Amazon in turmoil as deforestation rages on despite coronavirus pandemic

One of the unpredictable consequences of the coronavirus pandemic has been the acceleration of deforestation in Brazilian Amazonia.

The world’s largest tropical rainforest is getting smaller increasingly quickly.

The main reason is that the authorities are quarantined, allowing illegal loggers to range far and wide and do their rampant worst.

Satellite imagery shows a 55% increase in clearance up to April this year, as compared with the same period last year.

An illness that attacks human lungs is bad news for the world’s lungs too.

The Amazon rainforest absorbs greenhouse gases and scientists fear its disappearance will make climate change more pronounced.

The indigenous people are at risk.

While the forest is now defenceless, so are the indigenous peoples who call it home.

Isolated rural communities have been hit hard by Covid-19 and with hospitals few and far between many have had to fend for themselves.
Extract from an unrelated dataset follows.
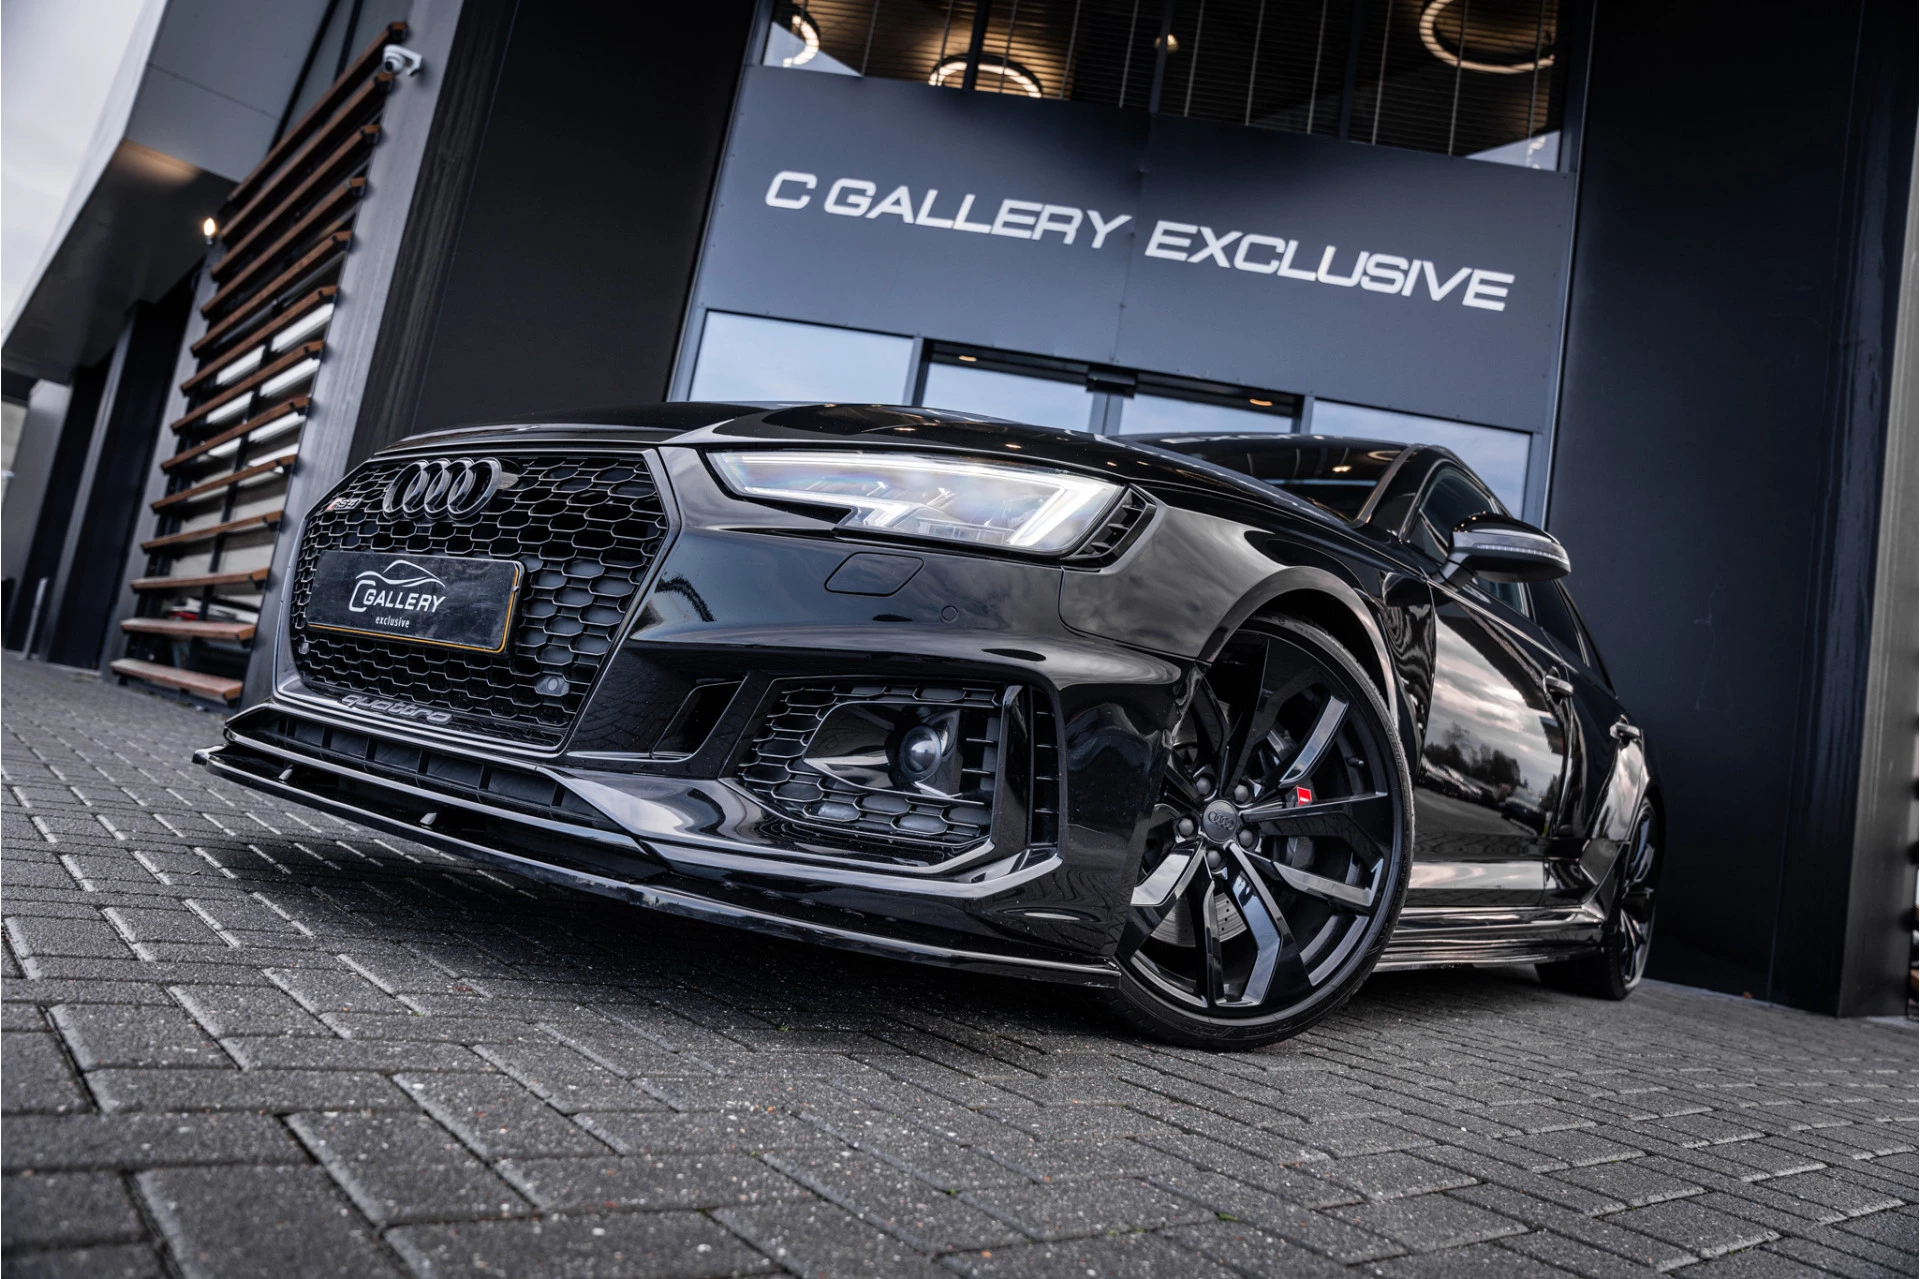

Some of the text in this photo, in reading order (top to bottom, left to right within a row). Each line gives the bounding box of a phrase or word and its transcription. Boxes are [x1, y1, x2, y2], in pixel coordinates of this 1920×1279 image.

The official death toll in Brazil stands at just over 13,000 but these are hospital fatalities only and the fear is that the real figure may be up to 20 times higher.

  • WWF's Mike Barrett explains why this is a problem for the entire world

President Jair Bolsonaro has repeatedly played down the seriousness of the situation.

He has also claimed that the consequences of lockdown for the economy will be more damaging than those of the virus.

But increasingly city mayors and regional governors are encouraging their people to ignore him and stay indoors.

The southern hemisphere is heading into winter, and with Brazil already one of the world’s coronavirus hotspots, the months ahead for the country look bleak indeed.